Сажусь в машину и вношу имя Джеммел в мою «Тошибу». Мне оно ничего не говорит.

Иду обратно в отель облегчиться и выпить еще одну двойную на дорожку — первая уже выветрилась. Я не ел с самого утра, но голода не чувствую. Заставляю себя съесть немного орешков и запиваю их половинкой «мерфис», чтобы они проскочили и для железа. (Раньше я пил «гиннес», [20] но стал его бойкотировать, когда узнал, что эти суки нагло врали о переводе своей штаб-квартиры в Шотландию.)
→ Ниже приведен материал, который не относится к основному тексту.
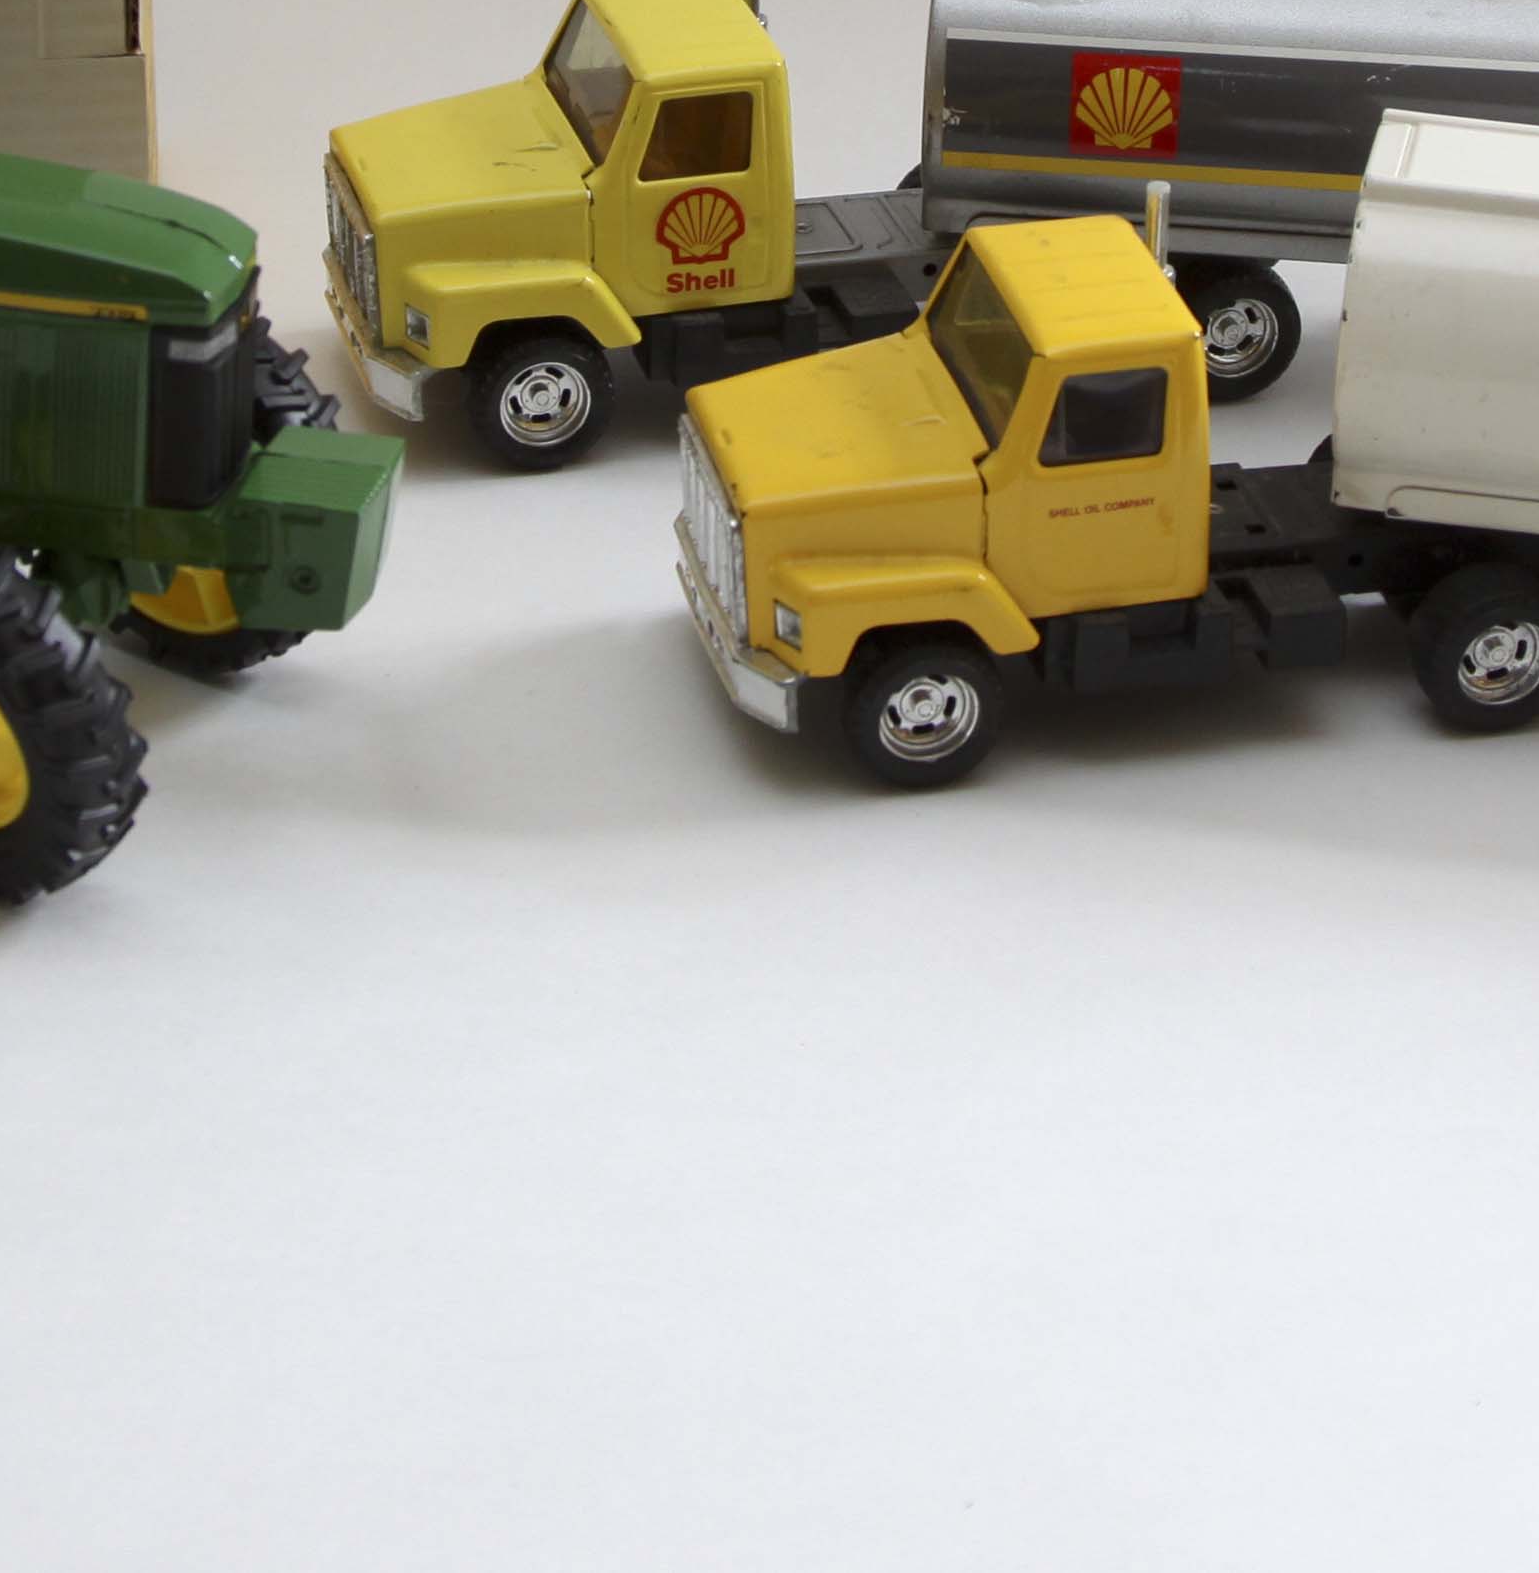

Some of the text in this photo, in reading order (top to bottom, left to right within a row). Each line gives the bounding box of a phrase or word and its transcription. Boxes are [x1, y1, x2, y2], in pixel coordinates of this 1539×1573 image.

[666, 268, 735, 294] Shell
[1049, 498, 1156, 517] SHELL OIL COMPANY
В машине я заглатываю немного спида (только из соображений безопасности — чтобы не заснуть за рулем), потом закуриваю косячок, для равновесия. На «Радио Скотланд» есть полуночная программа, в которой иногда передают анонсы завтрашних передовиц, правда, уже в самом конце; я настраиваюсь на нее — и, пожалуйста, вот она, наша «каледонская» передовица. Но на первом месте у нас, оказывается, статья о маневрах тори в связи с голосованием по Маастрихту. [21] Я чувствую себя обманутым, но тут они говорят, что на первой полосе у нас будет фотография «Авангарда», прибывающего в Фаслейн, значит, моя статья тоже будет, а если повезет, то — на первой же странице, вместе с фотографией, а не похоронена где-то внутри. Я испытываю скромный укол авторского честолюбия, получаю дозу журналистского кайфа.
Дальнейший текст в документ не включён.